I found out that the performance drop in Big Sur 11.3 is due to a poor transfer performance of the data to the GPU.

You can explore this using the attached code by compiling and running the attached code 2 times:

First:
Compile as it is: swicftC -O matrixMul.swift and run it by executing: ./matrixMul
On my MacPro running macOS Big Sur 11.3.1 I get the following output:

Values in matrix A[8192 x 8192]: 1.0 uniformly
Values in matrix B[8192 x 8192]: 2.0 uniformly
Starting calculation on AMD Radeon Pro Vega II
...
Values in matrix C = A * B: 16384.0 uniformly
1'099'444'518'912 floating point operations performed
Elapsed GPU time = 1.92 seconds -> 0.573 Teraflops

Second:
Comment out line 74 and line 75, and instead uncomment line 86 and line 87.
This shifts the starting point of the time measurement from the beginning of the encoding procedure to the beginning of the commit statement, i.e. the elapsed time reported reflects the time spent for the calculation on the GPU.

Compile again: swicftC -O matrixMul.swift and run: ./matrixMul
This time I get

Values in matrix A[8192 x 8192]: 1.0 uniformly
Values in matrix B[8192 x 8192]: 2.0 uniformly
Starting calculation on AMD Radeon Pro Vega II
...
Values in matrix C = A * B: 16384.0 uniformly
1'099'444'518'912 floating point operations performed
Elapsed GPU time = 0.164 seconds -> 6.704 Teraflops

As can be seen, the time needed for the encoding / transfer to the GPU is dominant.
This was not the case in macOS versions prior to 11.3!
I got 0.25 Seconds reported for the First procedure on average, i.e. the time for encoding / transfer was much shorter!
It seems that the data transfer / encoding in the latest macOS version is now far less efficient compared to previous versions of macOS. Maybe the underlaying framework is now more optimized for the M1 chips with some drawbacks for the MacPro 2019 architecture?

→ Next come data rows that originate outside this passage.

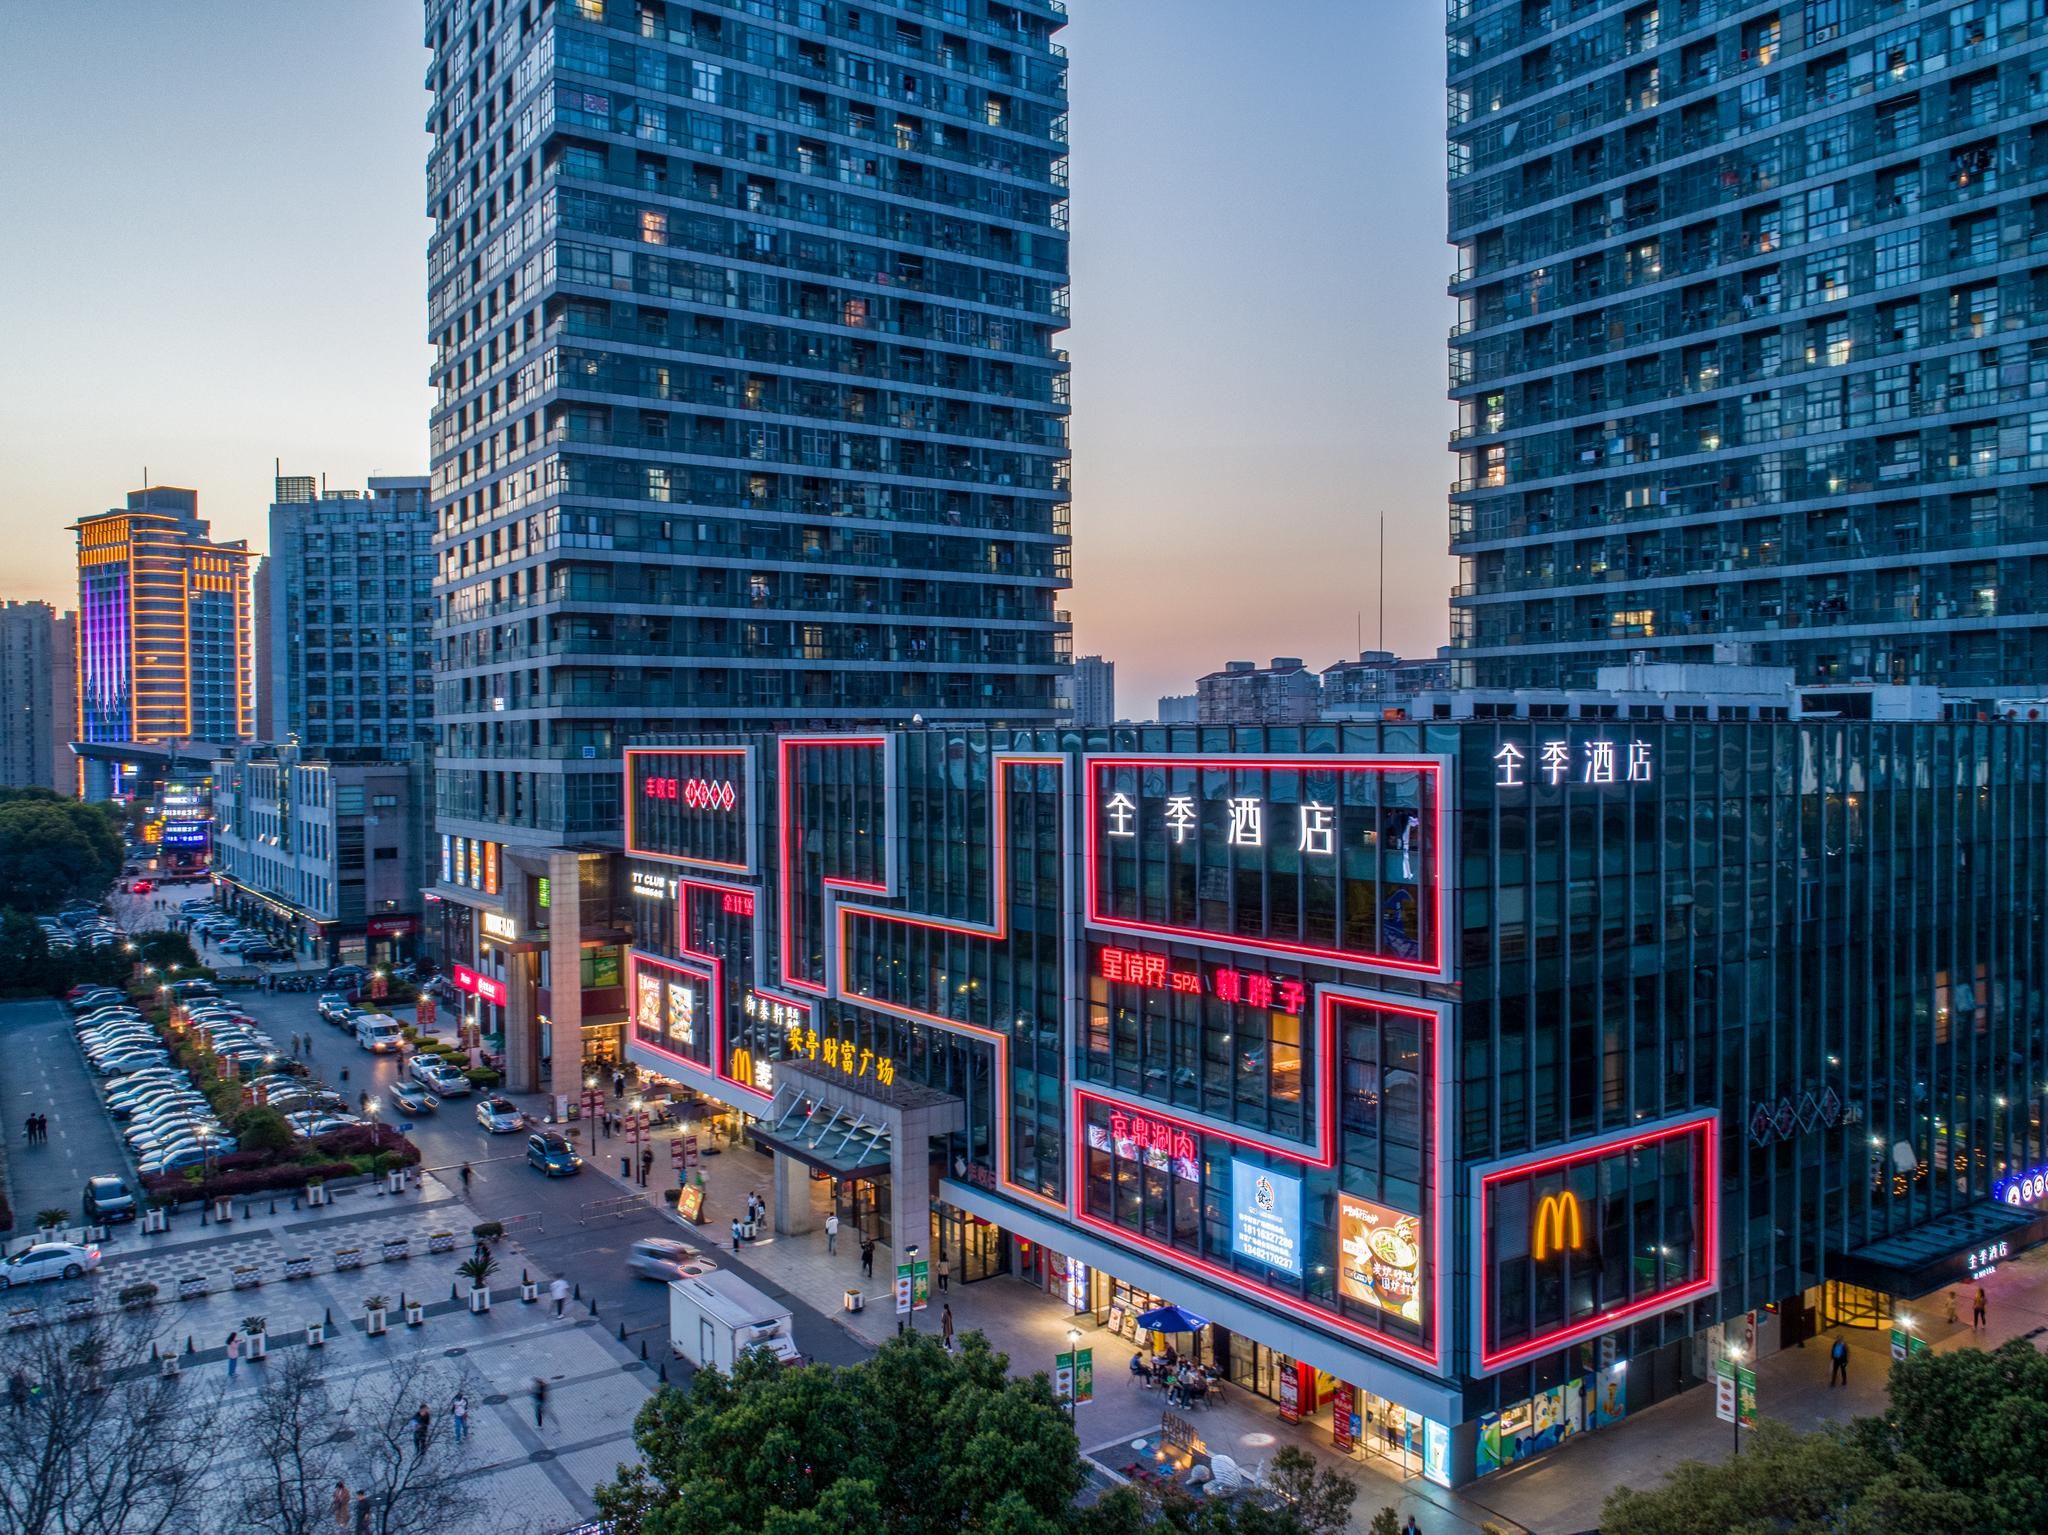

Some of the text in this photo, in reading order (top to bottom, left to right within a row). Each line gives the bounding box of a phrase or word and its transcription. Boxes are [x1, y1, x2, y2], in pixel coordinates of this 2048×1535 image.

[1493, 740, 1652, 786] 全季酒店
[1105, 792, 1336, 855] 全季酒店
[644, 874, 665, 888] CLUB
[1171, 973, 1201, 994] SPA
[788, 1026, 896, 1086] 安亭财富广场
[1110, 1111, 1196, 1162] 京鼎涮肉

Hope you can reproduce this as well!

Thank you

matrixMul.swift

0

Answer 4

Graphics and Games Engineer OP

Apple

May ’21

Thanks for the info maccan!

Some MPS engineers were able to reproduce the problem and have already made some progress in investigating a fix.

0

Answer 5

maccan OP

May ’21

Thanks for investigating this!

0